The records underneath are to be printed in full and exactly, with no pictures carried over.

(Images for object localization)
>>>

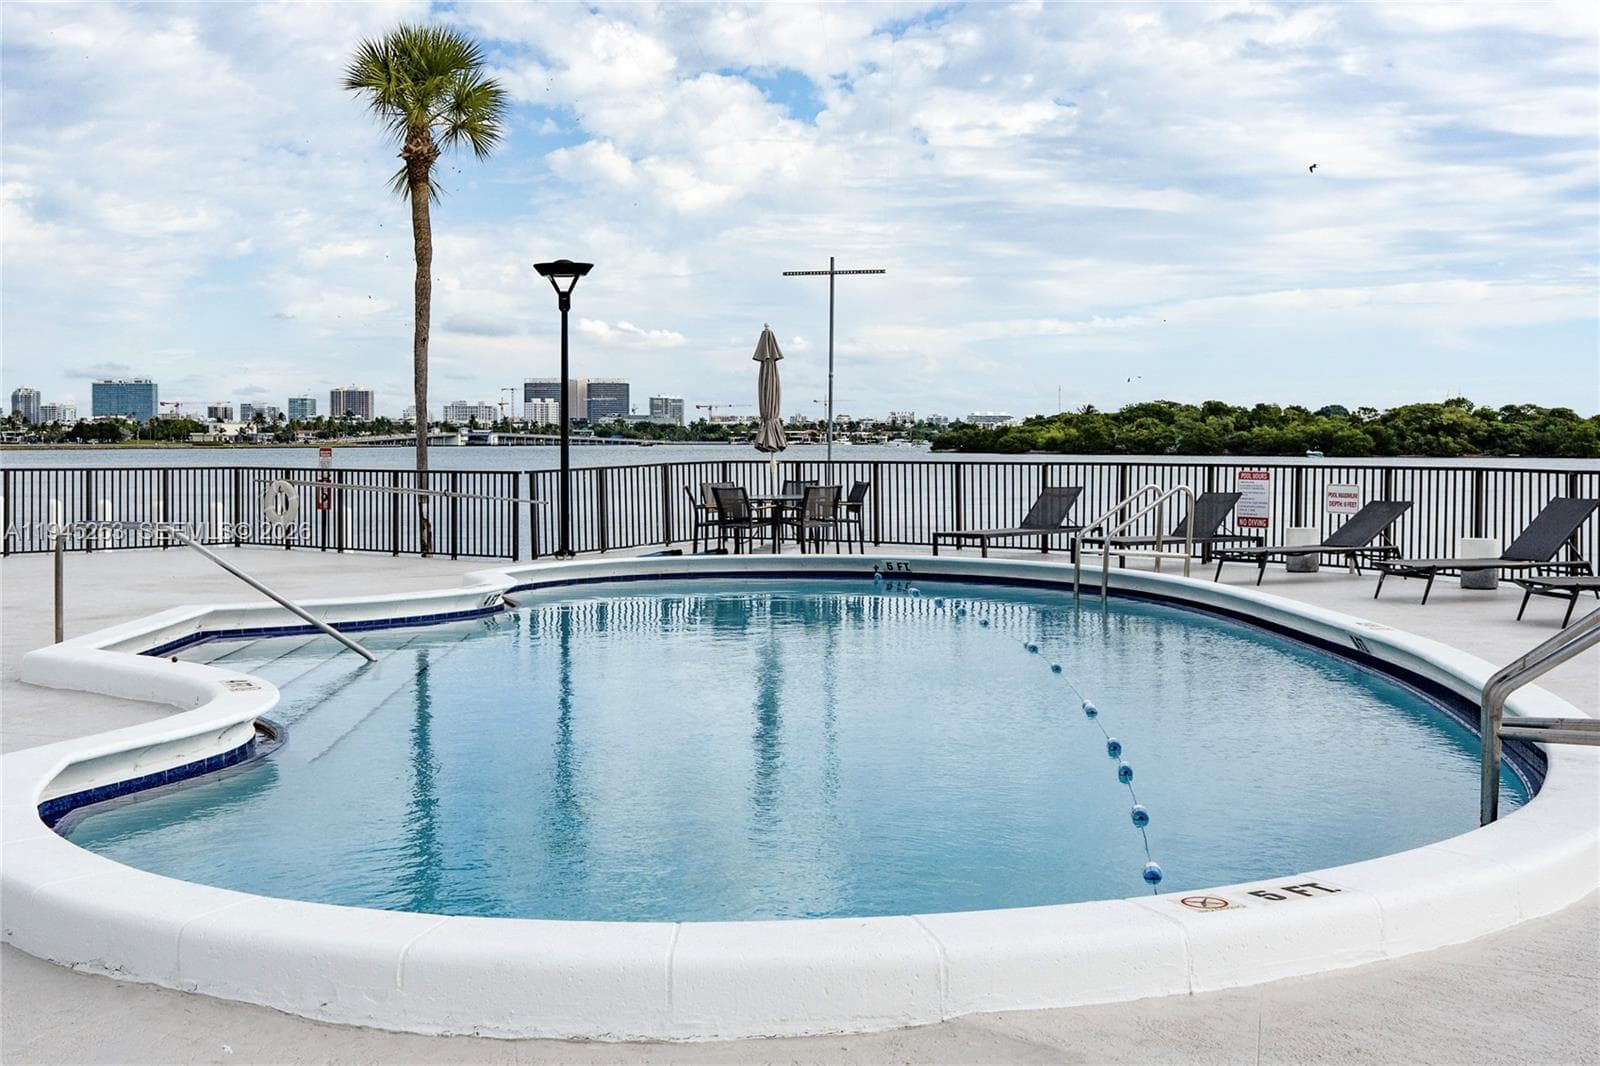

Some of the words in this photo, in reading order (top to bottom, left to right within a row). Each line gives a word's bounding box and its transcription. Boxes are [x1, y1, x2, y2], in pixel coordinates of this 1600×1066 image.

[1239, 518, 1248, 526] NO
[1248, 519, 1267, 527] DIVING
[886, 562, 894, 571] 5
[1248, 890, 1287, 901] 5
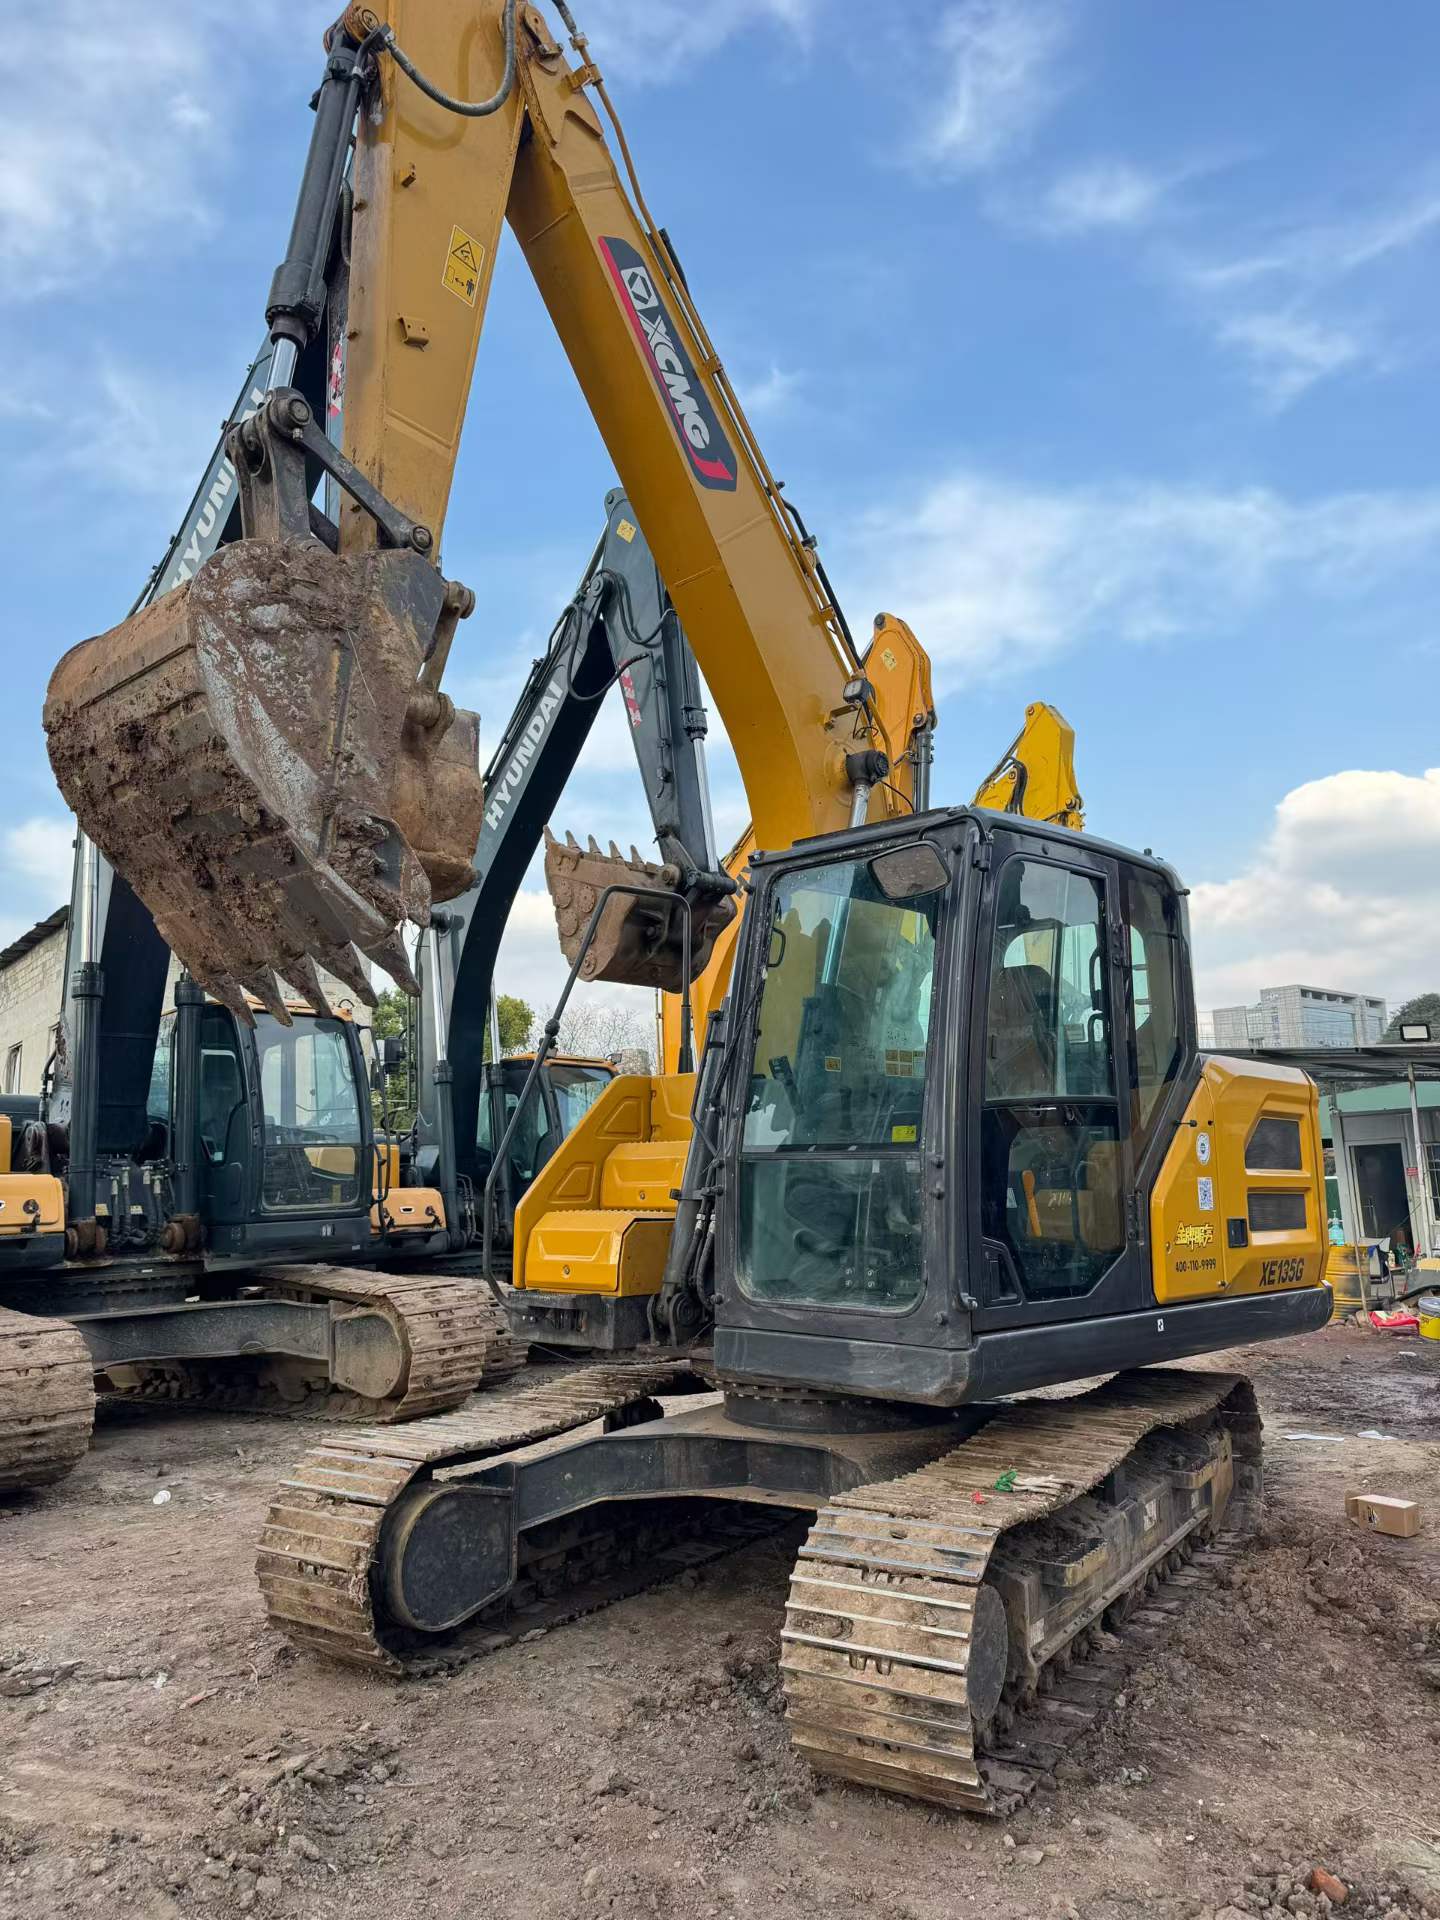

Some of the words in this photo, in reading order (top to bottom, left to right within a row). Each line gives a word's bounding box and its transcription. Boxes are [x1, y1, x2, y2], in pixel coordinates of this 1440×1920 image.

[637, 312, 710, 449] XCMG
[485, 680, 563, 831] HYUNDAI
[1175, 1258, 1216, 1272] 400-110-9999
[1259, 1257, 1304, 1287] XE135G
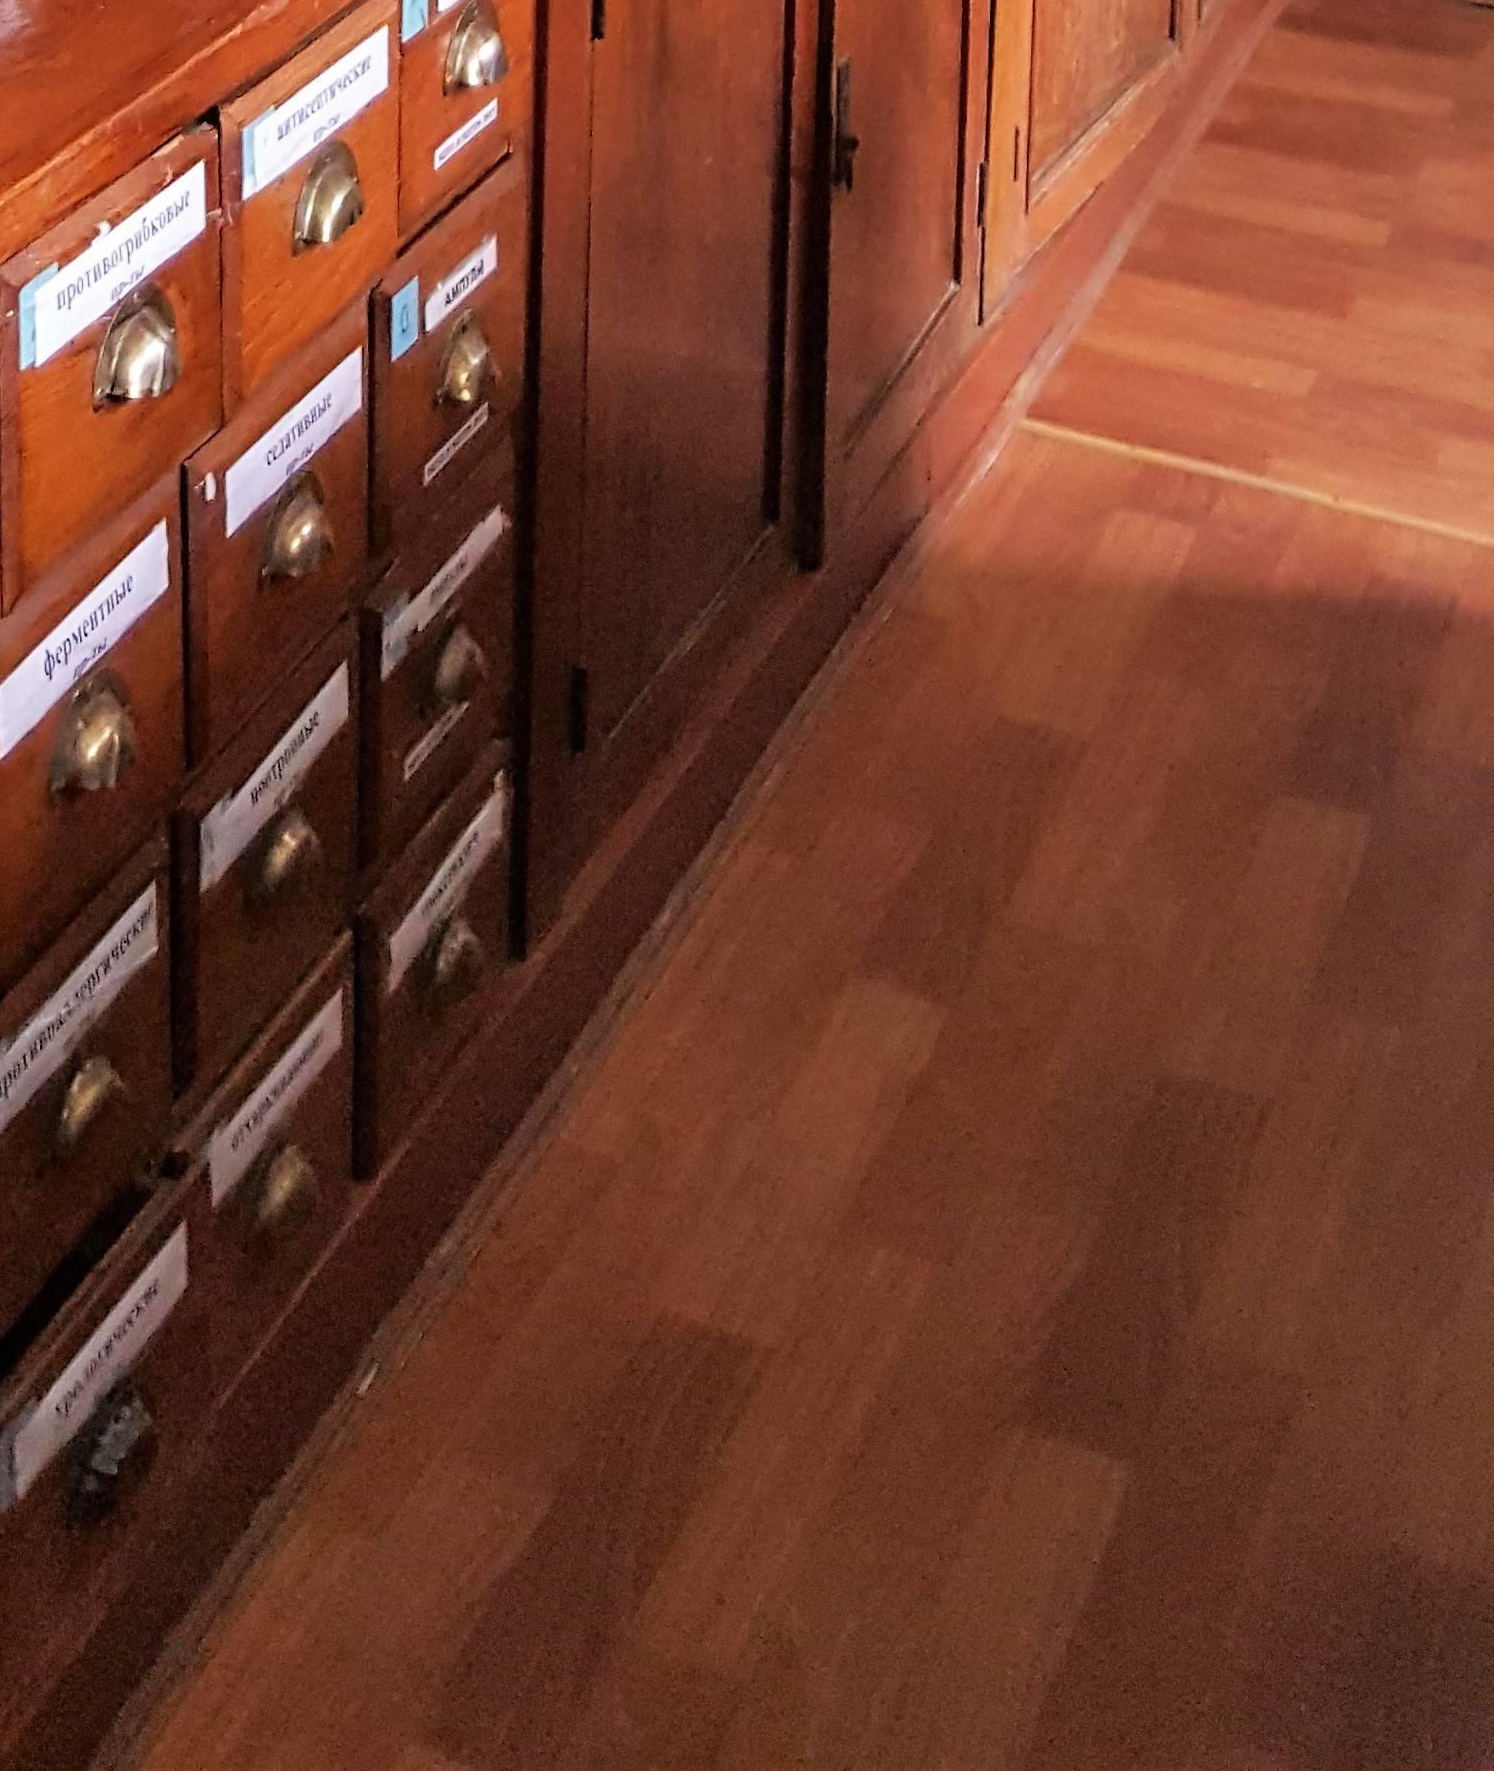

<<<

> **Response to this task**:
Some of the words in this photo, in reading order (top to bottom, left to right within a row). Each line gives a word's bounding box and its transcription. Boxes are [x1, y1, x2, y2], in pixel coordinates of this 1600×1066 image.

[1239, 518, 1248, 526] NO
[1248, 519, 1267, 527] DIVING
[886, 562, 894, 571] 5
[1248, 890, 1287, 901] 5

Some of the words in this photo, in reading order (top to bottom, left to right within a row). Each line gives a word's bounding box and its transcription. Boxes are [x1, y1, x2, y2], in pixel coordinates of this 1440×1920 image.

[637, 312, 710, 449] XCMG
[485, 680, 563, 831] HYUNDAI
[1175, 1258, 1216, 1272] 400-110-9999
[1259, 1257, 1304, 1287] XE135G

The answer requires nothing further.